[Images for object localization]:
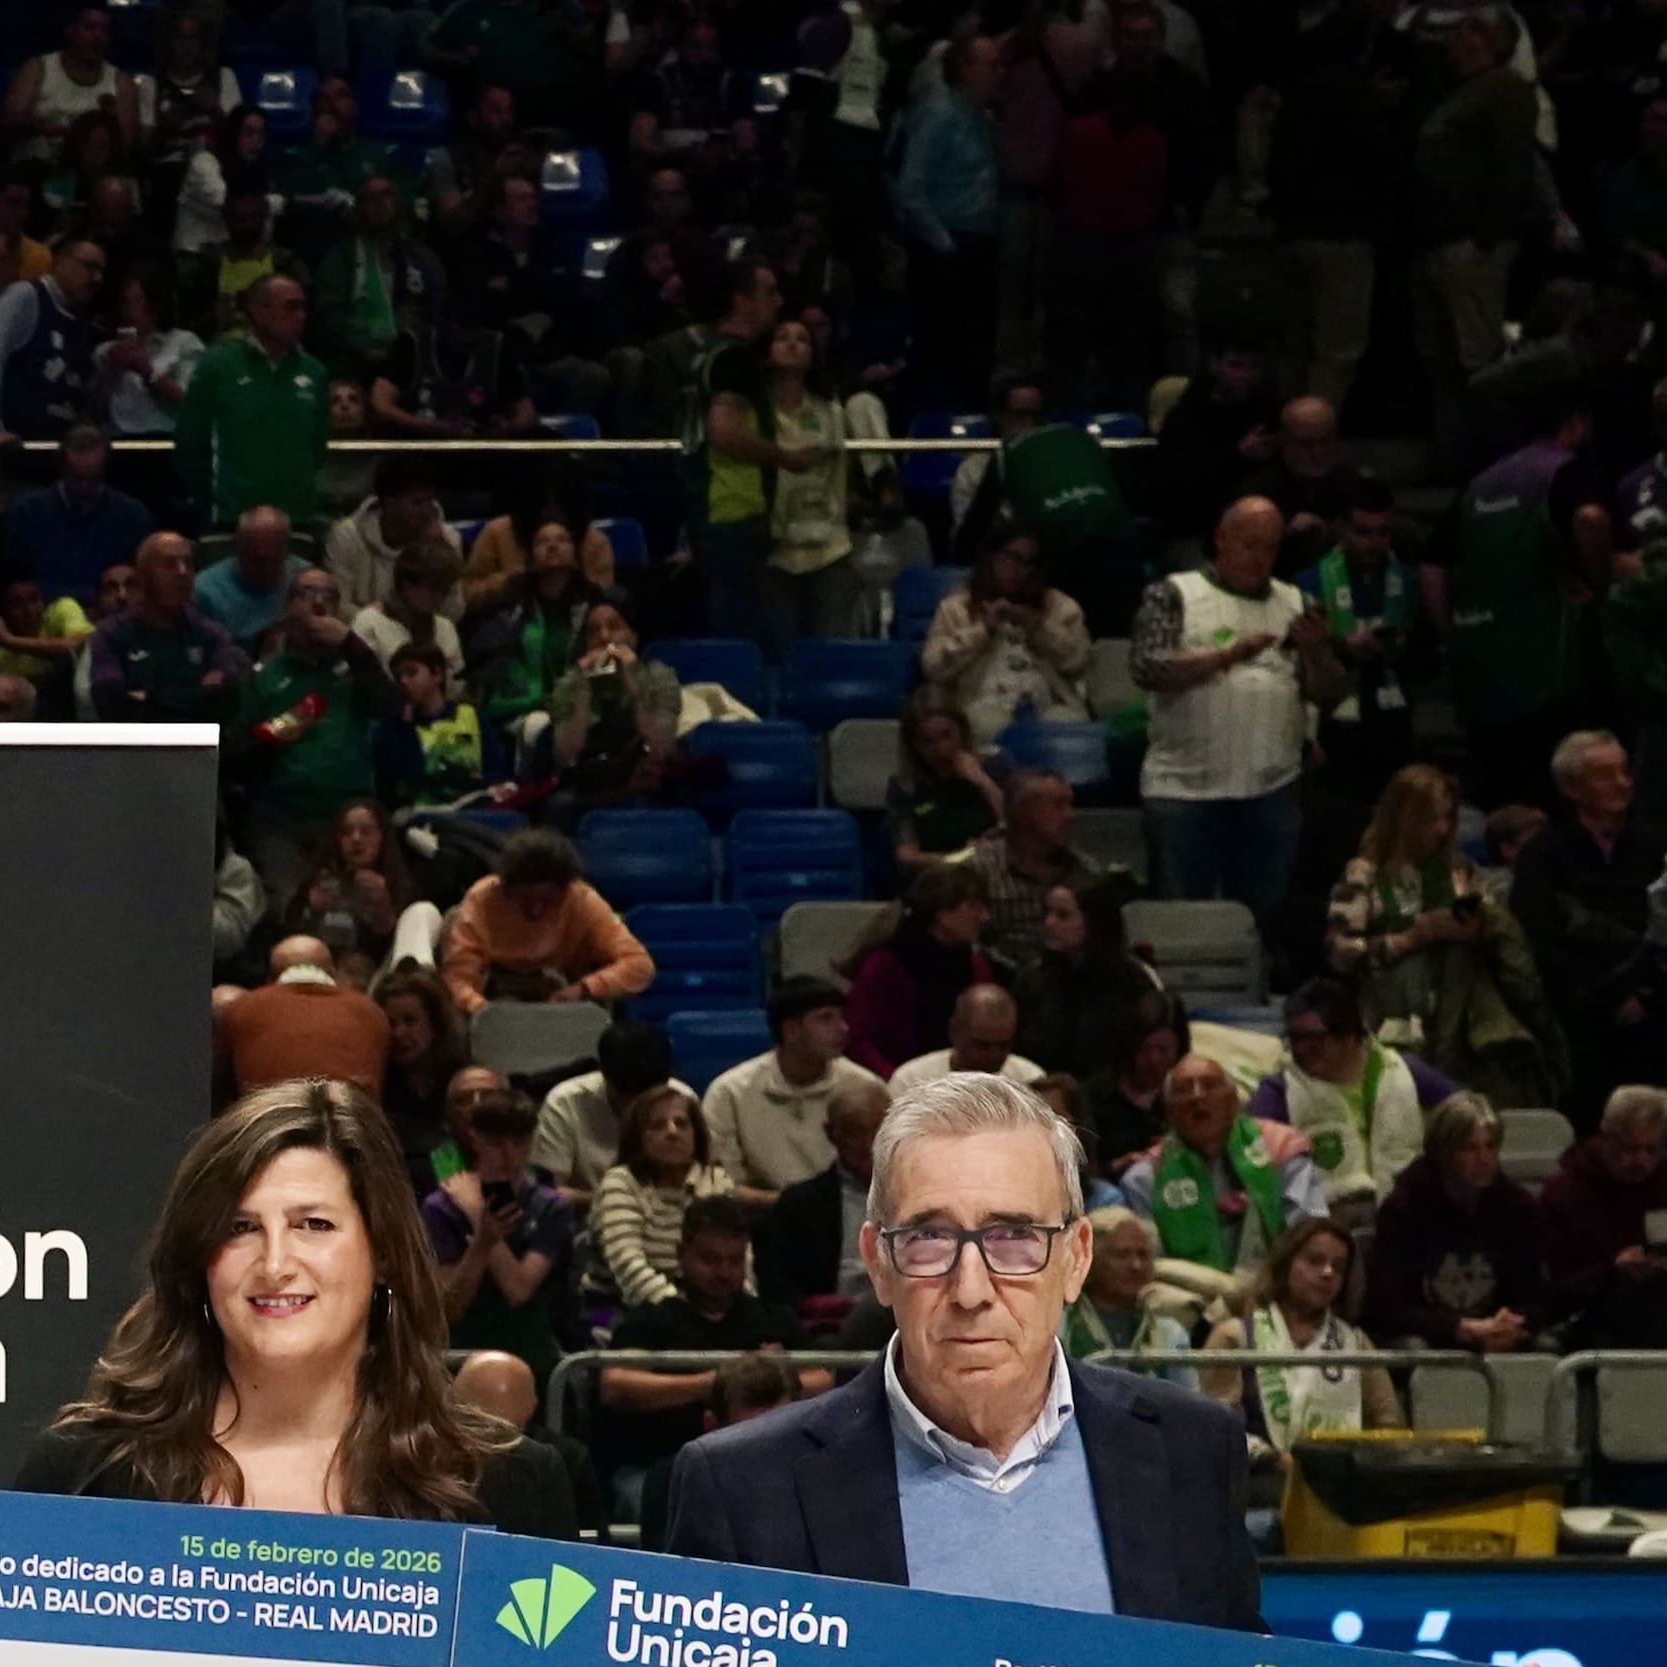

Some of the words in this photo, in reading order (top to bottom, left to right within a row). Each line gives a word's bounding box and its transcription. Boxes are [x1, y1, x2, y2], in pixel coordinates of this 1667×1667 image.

[180, 1535, 204, 1556] 15
[210, 1538, 241, 1559] de
[247, 1540, 338, 1566] febrero
[344, 1547, 374, 1568] de
[380, 1549, 441, 1573] 2026
[22, 1554, 143, 1584] dedicado
[149, 1567, 165, 1585] a
[172, 1564, 193, 1587] la
[200, 1566, 335, 1597] Fundación
[342, 1576, 438, 1610] Unicaja
[44, 1587, 230, 1623] BALONCESTO
[254, 1603, 323, 1630] REAL
[330, 1608, 437, 1637] MADRID
[610, 1579, 847, 1647] Fundación
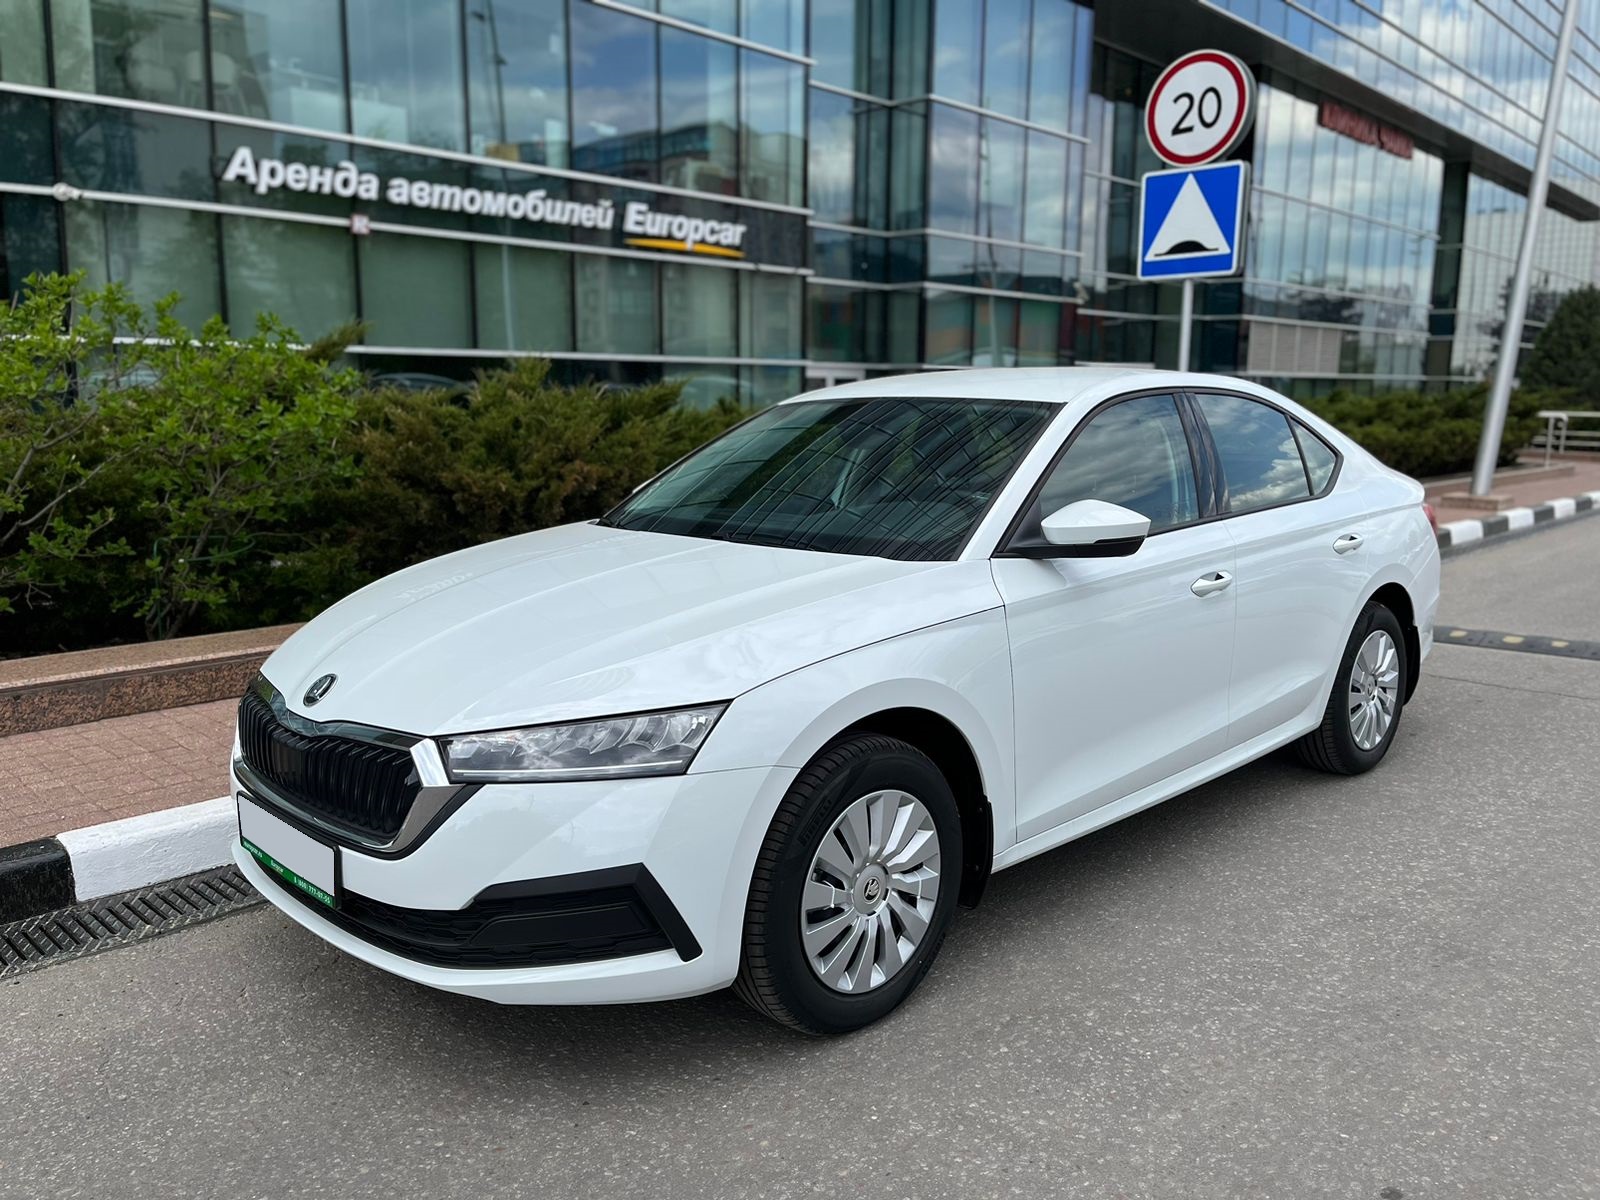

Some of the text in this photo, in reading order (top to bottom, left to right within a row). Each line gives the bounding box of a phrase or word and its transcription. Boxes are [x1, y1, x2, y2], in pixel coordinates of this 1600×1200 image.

[1171, 86, 1222, 136] 20
[222, 146, 748, 251] Аренда автомобилей Europcar

[Assignment]:
Only the stretch of lines that begins with the one holding "Some of the text" and ends with the last line above belongs in the answer; please write it out exactly.

[Solution for this problem]:
Some of the text in this photo, in reading order (top to bottom, left to right within a row). Each line gives the bounding box of a phrase or word and its transcription. Boxes are [x1, y1, x2, y2], in pixel coordinates of this 1600×1200 image.

[1171, 86, 1222, 136] 20
[222, 146, 748, 251] Аренда автомобилей Europcar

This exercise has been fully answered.